YOUR TASK:
Return all the entries word for word.

===== RECORDS FOR THIS TASK =====

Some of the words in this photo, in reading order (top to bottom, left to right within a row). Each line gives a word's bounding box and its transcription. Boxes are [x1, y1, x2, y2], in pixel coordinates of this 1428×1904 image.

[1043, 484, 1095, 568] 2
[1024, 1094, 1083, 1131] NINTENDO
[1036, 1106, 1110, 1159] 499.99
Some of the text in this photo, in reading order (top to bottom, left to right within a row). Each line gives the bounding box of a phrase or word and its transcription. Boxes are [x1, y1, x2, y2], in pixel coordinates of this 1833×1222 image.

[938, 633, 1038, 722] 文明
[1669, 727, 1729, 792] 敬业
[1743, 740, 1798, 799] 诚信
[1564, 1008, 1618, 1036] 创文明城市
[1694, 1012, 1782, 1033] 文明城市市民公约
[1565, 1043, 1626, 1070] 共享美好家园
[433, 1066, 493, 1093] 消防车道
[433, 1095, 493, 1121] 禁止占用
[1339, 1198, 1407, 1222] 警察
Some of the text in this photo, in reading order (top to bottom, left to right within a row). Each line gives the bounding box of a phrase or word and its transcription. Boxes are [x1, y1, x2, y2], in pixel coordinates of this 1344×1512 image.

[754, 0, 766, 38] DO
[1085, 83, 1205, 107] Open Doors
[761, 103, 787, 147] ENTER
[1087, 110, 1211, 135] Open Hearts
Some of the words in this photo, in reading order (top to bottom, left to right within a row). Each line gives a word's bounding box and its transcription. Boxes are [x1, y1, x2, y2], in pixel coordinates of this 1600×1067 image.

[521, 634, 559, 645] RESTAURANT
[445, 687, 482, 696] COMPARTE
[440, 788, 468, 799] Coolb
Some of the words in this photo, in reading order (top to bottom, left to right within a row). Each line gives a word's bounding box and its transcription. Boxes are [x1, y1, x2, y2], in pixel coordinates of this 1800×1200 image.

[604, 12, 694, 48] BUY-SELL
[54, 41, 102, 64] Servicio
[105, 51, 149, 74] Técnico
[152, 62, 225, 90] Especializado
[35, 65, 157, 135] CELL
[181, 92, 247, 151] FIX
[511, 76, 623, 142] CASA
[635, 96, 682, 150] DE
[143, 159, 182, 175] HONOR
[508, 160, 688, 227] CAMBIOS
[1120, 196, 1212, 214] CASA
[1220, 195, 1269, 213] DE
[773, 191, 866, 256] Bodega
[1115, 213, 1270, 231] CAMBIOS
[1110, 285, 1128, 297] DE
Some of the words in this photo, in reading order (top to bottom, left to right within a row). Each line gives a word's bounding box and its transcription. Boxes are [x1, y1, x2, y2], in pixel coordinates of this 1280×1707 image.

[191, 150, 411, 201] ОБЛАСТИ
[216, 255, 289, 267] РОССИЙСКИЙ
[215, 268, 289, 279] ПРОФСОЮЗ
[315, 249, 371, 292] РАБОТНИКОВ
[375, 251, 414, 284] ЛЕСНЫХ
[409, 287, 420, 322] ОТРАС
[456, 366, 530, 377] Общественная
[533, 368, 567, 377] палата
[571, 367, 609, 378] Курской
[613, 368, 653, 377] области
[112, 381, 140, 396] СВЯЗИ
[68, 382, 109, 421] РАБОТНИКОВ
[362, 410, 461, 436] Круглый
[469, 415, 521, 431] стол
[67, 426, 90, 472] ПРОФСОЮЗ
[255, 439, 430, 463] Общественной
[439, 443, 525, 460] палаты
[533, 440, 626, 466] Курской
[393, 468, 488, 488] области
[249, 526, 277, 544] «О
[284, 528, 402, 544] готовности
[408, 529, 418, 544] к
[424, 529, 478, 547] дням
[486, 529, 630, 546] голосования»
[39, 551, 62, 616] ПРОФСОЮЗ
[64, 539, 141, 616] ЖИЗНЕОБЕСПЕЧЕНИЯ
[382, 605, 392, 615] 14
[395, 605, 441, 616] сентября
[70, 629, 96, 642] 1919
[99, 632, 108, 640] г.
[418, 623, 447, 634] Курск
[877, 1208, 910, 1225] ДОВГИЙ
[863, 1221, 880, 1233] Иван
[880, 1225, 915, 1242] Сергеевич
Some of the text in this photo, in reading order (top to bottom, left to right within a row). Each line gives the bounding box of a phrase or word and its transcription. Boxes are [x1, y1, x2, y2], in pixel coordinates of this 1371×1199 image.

=====

OUTPUT FOR THIS EXERCISE:
Some of the words in this photo, in reading order (top to bottom, left to right within a row). Each line gives a word's bounding box and its transcription. Boxes are [x1, y1, x2, y2], in pixel coordinates of this 1428×1904 image.

[1043, 484, 1095, 568] 2
[1024, 1094, 1083, 1131] NINTENDO
[1036, 1106, 1110, 1159] 499.99
Some of the text in this photo, in reading order (top to bottom, left to right within a row). Each line gives the bounding box of a phrase or word and its transcription. Boxes are [x1, y1, x2, y2], in pixel coordinates of this 1833×1222 image.

[938, 633, 1038, 722] 文明
[1669, 727, 1729, 792] 敬业
[1743, 740, 1798, 799] 诚信
[1564, 1008, 1618, 1036] 创文明城市
[1694, 1012, 1782, 1033] 文明城市市民公约
[1565, 1043, 1626, 1070] 共享美好家园
[433, 1066, 493, 1093] 消防车道
[433, 1095, 493, 1121] 禁止占用
[1339, 1198, 1407, 1222] 警察
Some of the text in this photo, in reading order (top to bottom, left to right within a row). Each line gives the bounding box of a phrase or word and its transcription. Boxes are [x1, y1, x2, y2], in pixel coordinates of this 1344×1512 image.

[754, 0, 766, 38] DO
[1085, 83, 1205, 107] Open Doors
[761, 103, 787, 147] ENTER
[1087, 110, 1211, 135] Open Hearts
Some of the words in this photo, in reading order (top to bottom, left to right within a row). Each line gives a word's bounding box and its transcription. Boxes are [x1, y1, x2, y2], in pixel coordinates of this 1600×1067 image.

[521, 634, 559, 645] RESTAURANT
[445, 687, 482, 696] COMPARTE
[440, 788, 468, 799] Coolb
Some of the words in this photo, in reading order (top to bottom, left to right within a row). Each line gives a word's bounding box and its transcription. Boxes are [x1, y1, x2, y2], in pixel coordinates of this 1800×1200 image.

[604, 12, 694, 48] BUY-SELL
[54, 41, 102, 64] Servicio
[105, 51, 149, 74] Técnico
[152, 62, 225, 90] Especializado
[35, 65, 157, 135] CELL
[181, 92, 247, 151] FIX
[511, 76, 623, 142] CASA
[635, 96, 682, 150] DE
[143, 159, 182, 175] HONOR
[508, 160, 688, 227] CAMBIOS
[1120, 196, 1212, 214] CASA
[1220, 195, 1269, 213] DE
[773, 191, 866, 256] Bodega
[1115, 213, 1270, 231] CAMBIOS
[1110, 285, 1128, 297] DE
Some of the words in this photo, in reading order (top to bottom, left to right within a row). Each line gives a word's bounding box and its transcription. Boxes are [x1, y1, x2, y2], in pixel coordinates of this 1280×1707 image.

[191, 150, 411, 201] ОБЛАСТИ
[216, 255, 289, 267] РОССИЙСКИЙ
[215, 268, 289, 279] ПРОФСОЮЗ
[315, 249, 371, 292] РАБОТНИКОВ
[375, 251, 414, 284] ЛЕСНЫХ
[409, 287, 420, 322] ОТРАС
[456, 366, 530, 377] Общественная
[533, 368, 567, 377] палата
[571, 367, 609, 378] Курской
[613, 368, 653, 377] области
[112, 381, 140, 396] СВЯЗИ
[68, 382, 109, 421] РАБОТНИКОВ
[362, 410, 461, 436] Круглый
[469, 415, 521, 431] стол
[67, 426, 90, 472] ПРОФСОЮЗ
[255, 439, 430, 463] Общественной
[439, 443, 525, 460] палаты
[533, 440, 626, 466] Курской
[393, 468, 488, 488] области
[249, 526, 277, 544] «О
[284, 528, 402, 544] готовности
[408, 529, 418, 544] к
[424, 529, 478, 547] дням
[486, 529, 630, 546] голосования»
[39, 551, 62, 616] ПРОФСОЮЗ
[64, 539, 141, 616] ЖИЗНЕОБЕСПЕЧЕНИЯ
[382, 605, 392, 615] 14
[395, 605, 441, 616] сентября
[70, 629, 96, 642] 1919
[99, 632, 108, 640] г.
[418, 623, 447, 634] Курск
[877, 1208, 910, 1225] ДОВГИЙ
[863, 1221, 880, 1233] Иван
[880, 1225, 915, 1242] Сергеевич
Some of the text in this photo, in reading order (top to bottom, left to right within a row). Each line gives the bounding box of a phrase or word and its transcription. Boxes are [x1, y1, x2, y2], in pixel coordinates of this 1371×1199 image.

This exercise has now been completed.